Question 8.8: A straight uniform column of length l and bending stiffness ......
A straight uniform column of length l and bending stiffness EI is subjected to uniform lateral loading w/unit length. The end attachments do not restrict rotation of the column ends. The longitudinal compressive force P has eccentricity e from the centroids of the end sections and is placed so as to oppose the bending effect of the lateral loading, as shown in Fig. P.8.8. The eccentricity e can be varied and is to be adjusted to the value, which, for given values of P and w, will result in the least maximum bending moment on the column. Show that
e=\left(w/P_{\mu^{2}}\right)\tan^{2} \mu l/4where
\mu^{2}=P/E IDeduce the end moment that gives the optimum condition when P tends to zero.
Answer: w l^{2}/16.
Referring to Fig. S.8.8, the bending moment at any section z is given by
M=P(e+v)-{\frac{w l}{2}}z+w{\frac{z^{2}}{2}}or
M=P(e+v)+{\frac{w}{2}}{\bigl(}z^{2}-l z{\bigr)} (i)

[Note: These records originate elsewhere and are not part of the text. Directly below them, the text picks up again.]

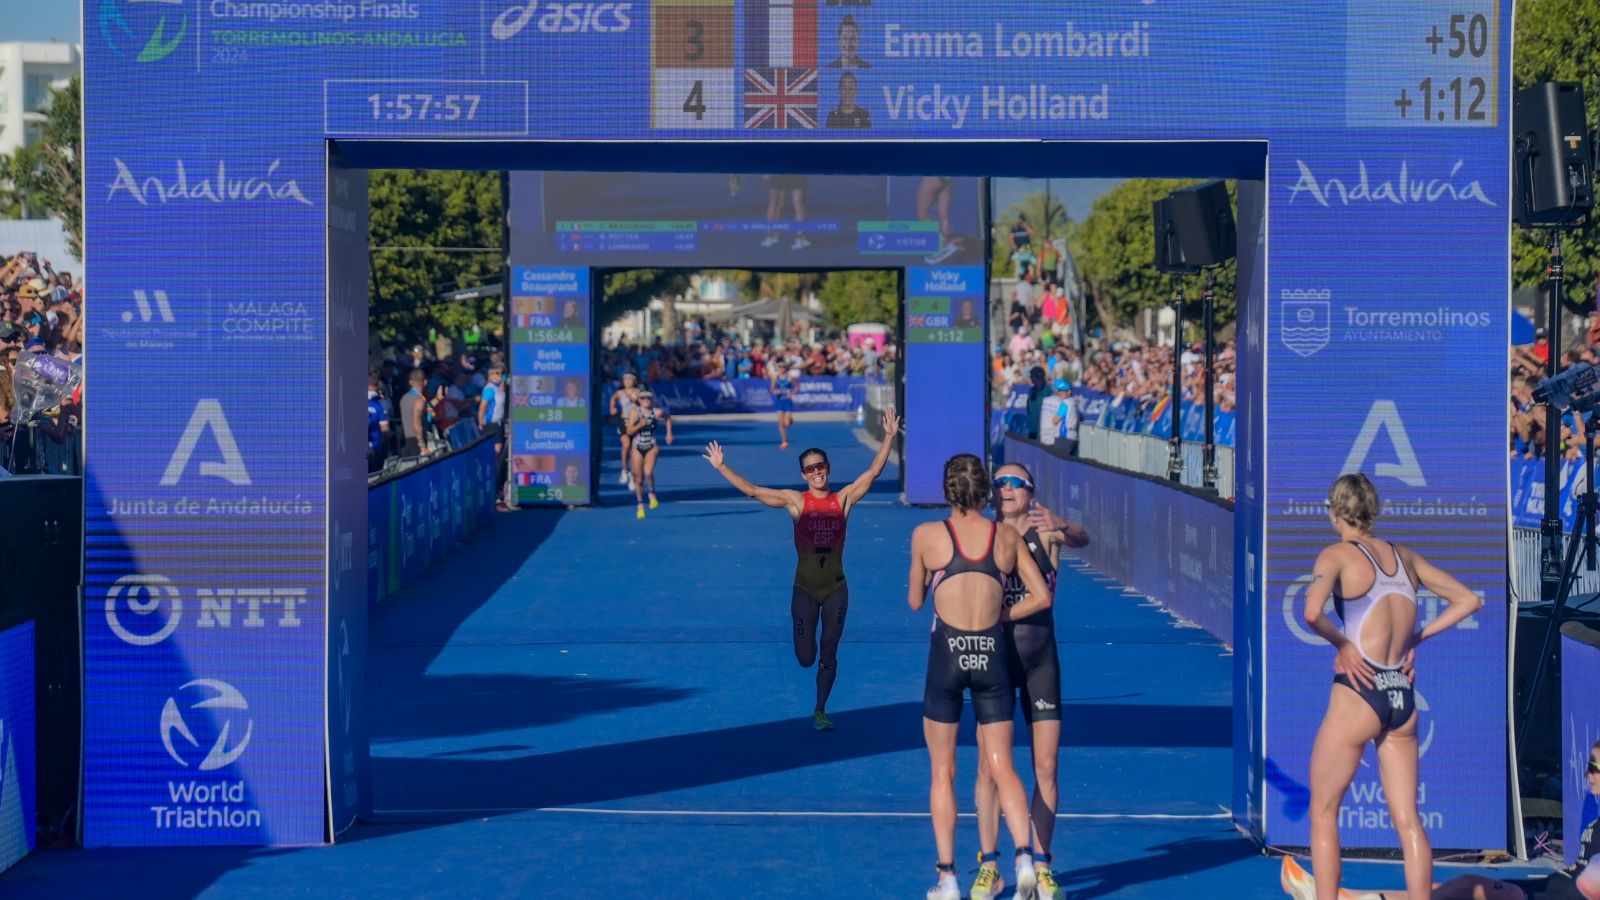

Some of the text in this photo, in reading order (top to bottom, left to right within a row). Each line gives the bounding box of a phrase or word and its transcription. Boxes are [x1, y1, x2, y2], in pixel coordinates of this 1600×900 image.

[209, 0, 419, 21] Championship Finals
[537, 2, 632, 33] asics
[684, 13, 1488, 61] 3 Emma Lombardi +50
[210, 49, 248, 63] 2024
[368, 94, 481, 120] 1:57:57
[683, 76, 1486, 128] 4 Vicky Holland +1:12
[106, 157, 313, 206] Andalucía
[1287, 159, 1497, 207] Andalucía
[523, 271, 576, 280] Cassandre
[931, 270, 960, 282] Vicky
[521, 281, 577, 293] Beaugrand
[925, 281, 966, 291] Holland
[530, 316, 551, 327] FRA
[926, 316, 949, 326] GBR
[1343, 307, 1491, 327] Torremolinos
[222, 317, 314, 333] COMPITE
[528, 331, 573, 342] 1:56:44
[928, 330, 964, 342] +1:12
[1343, 330, 1442, 341] AYUNTAMIENTO
[538, 349, 562, 359] Beth
[533, 361, 566, 371] Potter
[530, 395, 552, 405] GBR
[537, 409, 562, 421] +38
[534, 429, 566, 438] Emma
[525, 440, 575, 449] Lombardi
[530, 475, 552, 484] FRA
[538, 489, 563, 501] +50
[107, 495, 313, 515] Junta de Andalucía
[1381, 496, 1488, 516] Andalucía
[808, 519, 840, 532] CASILLAS
[814, 532, 834, 545] ESP
[196, 588, 307, 628] NTT
[948, 636, 995, 653] POTTER
[958, 655, 989, 671] GBR
[168, 782, 244, 803] World
[1350, 781, 1426, 804] Wod
[151, 807, 261, 829] Triathlon

Substituting for M in the equation before Eq. (8.1),
E I{\cfrac{\mathrm{d}^{2}\nu}{\mathrm{d}z^{2}}}=-P_{\mathrm{CR}}\nu (8.1)
E I{\frac{\mathrm{d}^{2}v}{\mathrm{d}z^{2}}}+P v=-P e-{\frac{w}{2}}(z^{2}-l z)
or
\frac{\mathrm{d}^{2}v}{\mathrm{d}z^{2}}+\mu^{2}v=-\mu^{2}e-\frac{w\mu^{2}}{2P}(z^{2}-l z) (ii)
The solution of Eq. (ii) is
v=A\cos\mu z+B\sin\mu z-e+{\frac{w}{2P}}{\big(}l z-z^{2}{\big)}+{\frac{w}{\mu^{2}P}} (iii)
When z = 0, υ =0, hence A = e – w/μ²P. When z=l/2, dυ/dz = 0, which gives
B=A\tan{\frac{\mu l}{2}}=\left(e-{\frac{w}{\mu^{2}{ P}}}\right)\tan{\frac{\mu l}{2}}Eq. (iii) then becomes
\ v=\left(e-{\frac{w}{\mu^{2}{P}}}\right)\left[{\frac{\cos\mu(z-l/2)}{\cos\mu l/2}}-1\right]+{\frac{w}{2P}}(l z-z^{2}) (iv)
The maximum bending moment will occur at mid-span where z=l/2 and υ = υ_{max}.
From Eq. (iv),
v_{\mathrm{max}}=\left(e-{\frac{E I w}{P^{2}}}\right)\left(\sec{\frac{\mu l}{2}}-1\right)+{\frac{w l^{2}}{8P}}and from Eq. (i),
M(\operatorname{max})=P e+P v_{\operatorname*{max}}-{\frac{w l^{2}}{8}}whence,
M(\operatorname{max})=\left(P e-{\frac{w}{\mu^{2}}}\right)\sec{\frac{\mu l}{2}}+{\frac{w}{\mu^{2}}}For the maximum bending moment to be as small as possible, the bending moment at the ends of the column must be numerically equal to the bending moment at mid-span. Thus,
P e+\left(P e-\frac{w}{\mu^{2}}\right)\sec\frac{\mu l}{2}+\frac{w}{\mu^{2}}=0or
P e\biggl(1+\sec{\frac{\mu l}{2}}\biggr)={\frac{w}{\mu^{2}}}\biggl(\sec{\frac{\mu l}{2}}-1\biggr)Then
e={\frac{w}{P\mu^{2}}}{\left({\frac{1-\cos\mu l/2}{1+\cos\mu l/2}}\right)}i.e.,
e=\left({\frac{w}{P\mu^{2}}}\right)\tan^{2}{\frac{\mu l}{4}} (vi)
From Eq. (vi), the end moment is
P e={\frac{w}{\mu^{2}}}\mathrm{tan}^{2}{\frac{\mu l}{4}}={\frac{w l^{2}}{16}}\left({\frac{\tan\mu l/4}{\mu l/4}}\right)\left({\frac{\tan\mu l/4}{\mu l/4}}\right)When P\rightarrow0,\tan\mu l/4\rightarrow\mu l/4 and the end moment becomes wl²/16.